By: Keith Dameron, Historian – Colorado Law Enforcement Memorial

Pueblo Policeman Alvin Phippenney, 31, was shot and killed in John Schwer’s, Arkansas Hall Saloon on Santa Fe Avenue in Pueblo about 12:30 pm on June 30, 1879. Officer Phippenney was attempting to disarm a ‘ranchman’ named John Baxter when the shooting occurred. Baxter and a man named James Moore were both armed and had been drinking with others. About noon the group had become loud, and Officer Phippenney responded to quiet the group down. A physical altercation ensued and Phippenney ‘clinched’ (grabbed & held) with Baxter, who was known to be dangerous when drinking. Baxter had stated that he would not give up his gun. Moore was also known to be carrying a gun. Witnesses stated that 5 or 6 shots were fired. The first shot was fired in the saloon then three or four were find in the street before they rolled back into the saloon where a final shot was heard. Officer Phippenney was shot and died about 15 minutes later. Before dying he stated that he had been shot by Baxter and another man. The fatal shot struck Phippenney in the back with the ball traveling thru his body and stopping just before breaking the skin of his chest. At the request of Pueblo Officer Bilby, the ball was removed from Phippenney’s body by Dr. Cortwright. Witnesses stated that the ball was too small to have come from Baxter’s gun, but that Moore’s gun was smaller. Baxter received a scalp laceration and was also shot in the stomach during the fight.

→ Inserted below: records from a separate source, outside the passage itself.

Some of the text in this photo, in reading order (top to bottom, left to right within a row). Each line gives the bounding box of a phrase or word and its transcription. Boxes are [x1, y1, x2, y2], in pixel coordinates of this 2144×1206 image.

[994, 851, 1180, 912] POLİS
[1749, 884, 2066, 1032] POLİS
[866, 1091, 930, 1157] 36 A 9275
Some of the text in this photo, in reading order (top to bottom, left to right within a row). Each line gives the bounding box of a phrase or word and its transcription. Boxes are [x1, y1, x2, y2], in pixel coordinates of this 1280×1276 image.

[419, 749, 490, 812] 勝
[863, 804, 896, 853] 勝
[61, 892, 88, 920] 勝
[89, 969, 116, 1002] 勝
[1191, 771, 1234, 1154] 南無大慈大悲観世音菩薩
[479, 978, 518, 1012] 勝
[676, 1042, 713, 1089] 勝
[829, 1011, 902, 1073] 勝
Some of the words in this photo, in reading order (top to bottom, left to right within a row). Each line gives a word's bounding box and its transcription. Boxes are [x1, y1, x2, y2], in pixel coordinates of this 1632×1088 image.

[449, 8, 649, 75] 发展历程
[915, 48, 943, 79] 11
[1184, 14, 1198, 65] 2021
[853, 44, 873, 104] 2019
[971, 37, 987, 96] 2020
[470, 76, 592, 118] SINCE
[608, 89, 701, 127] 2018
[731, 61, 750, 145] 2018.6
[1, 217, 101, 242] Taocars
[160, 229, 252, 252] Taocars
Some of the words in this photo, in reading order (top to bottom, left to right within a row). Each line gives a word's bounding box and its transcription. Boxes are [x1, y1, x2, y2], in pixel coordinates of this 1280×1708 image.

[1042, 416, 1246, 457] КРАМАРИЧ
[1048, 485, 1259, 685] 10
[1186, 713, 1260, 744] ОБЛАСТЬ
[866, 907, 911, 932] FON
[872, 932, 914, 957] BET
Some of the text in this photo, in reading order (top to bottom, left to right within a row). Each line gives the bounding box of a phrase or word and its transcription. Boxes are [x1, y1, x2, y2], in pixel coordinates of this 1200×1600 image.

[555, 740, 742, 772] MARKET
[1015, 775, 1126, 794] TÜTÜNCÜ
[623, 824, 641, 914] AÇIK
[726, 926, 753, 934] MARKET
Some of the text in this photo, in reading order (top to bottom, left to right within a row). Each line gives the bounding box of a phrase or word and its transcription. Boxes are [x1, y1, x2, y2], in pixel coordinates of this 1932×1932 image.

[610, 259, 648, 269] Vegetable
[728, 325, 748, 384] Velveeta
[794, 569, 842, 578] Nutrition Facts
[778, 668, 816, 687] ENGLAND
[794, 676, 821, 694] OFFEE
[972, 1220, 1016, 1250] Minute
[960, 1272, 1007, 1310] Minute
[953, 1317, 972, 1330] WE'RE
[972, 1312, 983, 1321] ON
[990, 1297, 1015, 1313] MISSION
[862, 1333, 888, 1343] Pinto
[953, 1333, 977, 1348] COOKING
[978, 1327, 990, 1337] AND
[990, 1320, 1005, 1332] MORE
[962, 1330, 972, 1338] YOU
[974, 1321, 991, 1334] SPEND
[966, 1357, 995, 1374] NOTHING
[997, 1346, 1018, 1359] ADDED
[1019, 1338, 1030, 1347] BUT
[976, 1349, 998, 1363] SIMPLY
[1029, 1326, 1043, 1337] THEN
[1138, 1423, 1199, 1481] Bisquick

A Coroner’s Jury listened to at least a dozen witnesses before finding that Alvin Phippenney came to his death from a pistol shot from the hands of John Baxter or James Moore. The Pueblo Chieftain Newspaper stated that Baxter was mortally wounded however he recovered enough to escape on July 8 from the Bartels building (part of the Lindell Hotel) where he was being held. Baxter just walked out the back door of the building which was only being guarded at the front door. The Chieftain express strong comments against the sheriff for his failure to properly guard a prisoner being held for the murder of a policeman. John Moore had left town on the day of the shooting, obtained a horse and some money from a rancher after telling him he had shot a policeman in Pueblo and reportedly left for the Texas panhandle. No further information about either Baxter or Moore was found despite a $500.00 reward offered by the Pueblo City Council.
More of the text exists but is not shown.